** Task requirements **
Repeat every entry exactly. Do not include the pictures.
+++
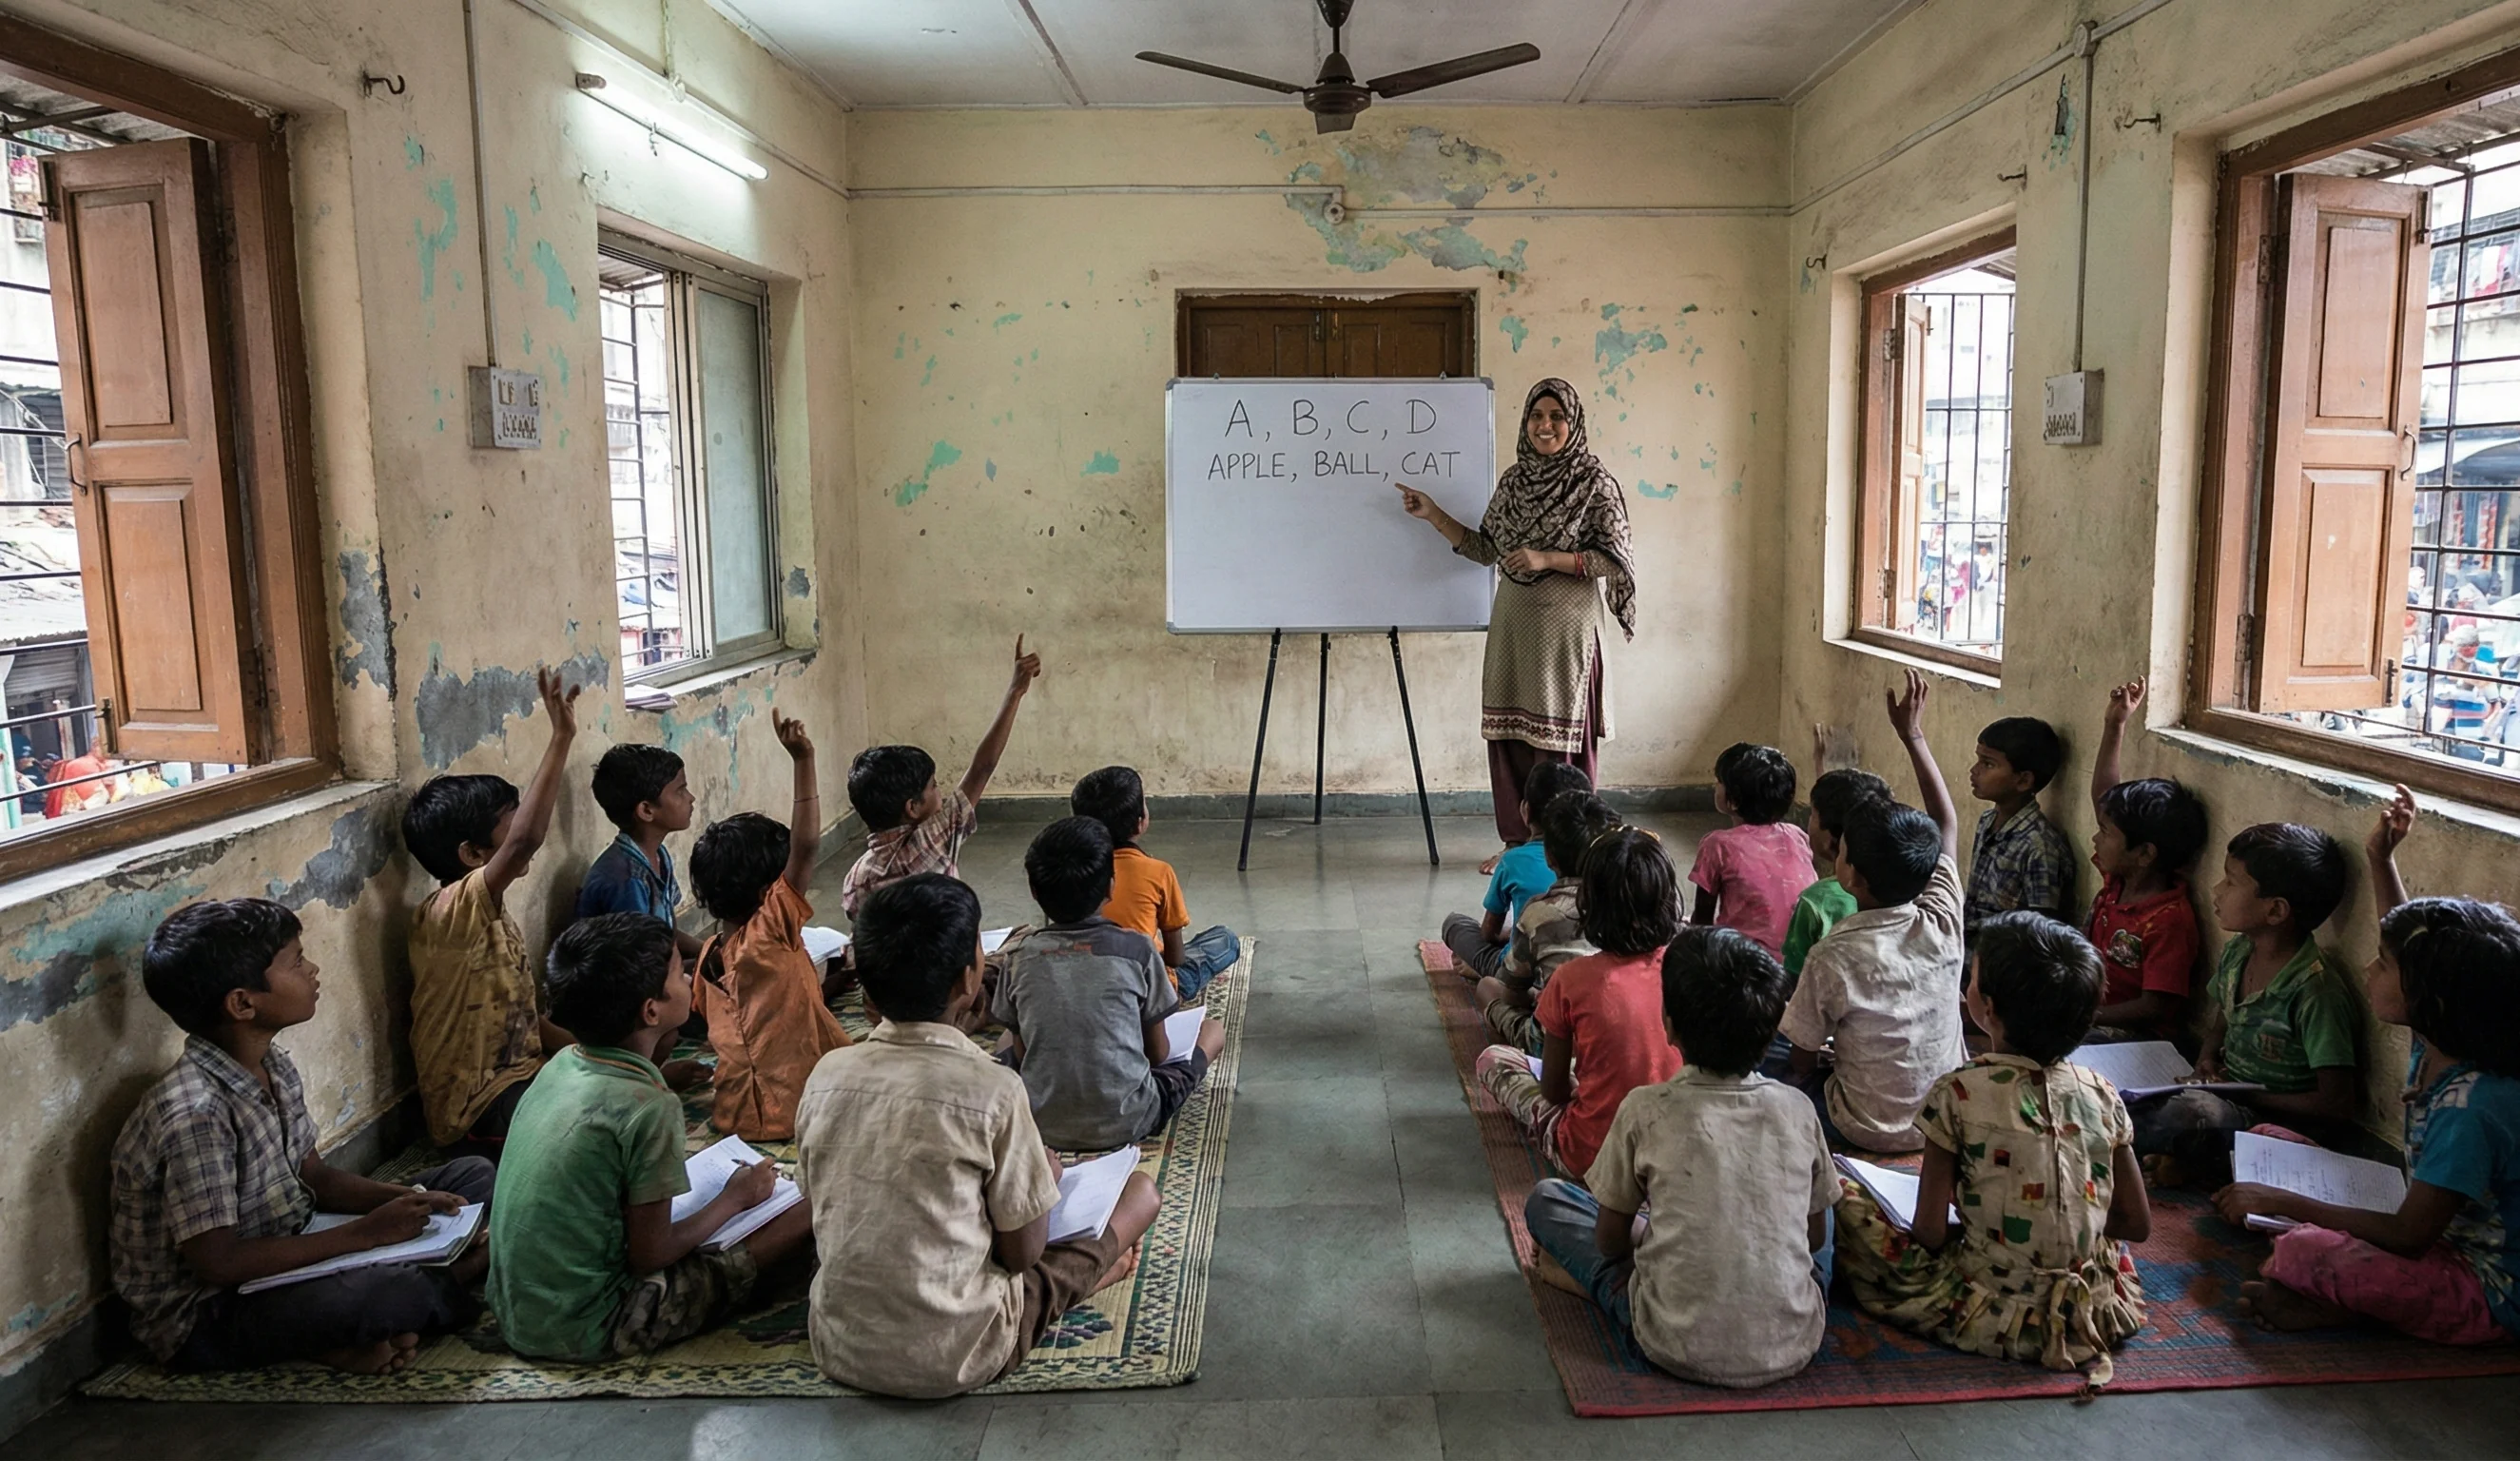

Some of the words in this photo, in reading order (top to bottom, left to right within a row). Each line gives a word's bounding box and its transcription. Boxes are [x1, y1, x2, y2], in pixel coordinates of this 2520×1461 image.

[1224, 399, 1271, 443] A,
[1292, 399, 1332, 441] B,
[1346, 399, 1389, 441] C,
[1405, 399, 1438, 435] D
[1207, 452, 1298, 483] APPLE,
[1314, 450, 1389, 483] BALL,
[1401, 451, 1462, 478] CAT
+++
** Task answer **
Some of the words in this photo, in reading order (top to bottom, left to right within a row). Each line gives a word's bounding box and its transcription. Boxes are [x1, y1, x2, y2], in pixel coordinates of this 2520×1461 image.

[1224, 399, 1271, 443] A,
[1292, 399, 1332, 441] B,
[1346, 399, 1389, 441] C,
[1405, 399, 1438, 435] D
[1207, 452, 1298, 483] APPLE,
[1314, 450, 1389, 483] BALL,
[1401, 451, 1462, 478] CAT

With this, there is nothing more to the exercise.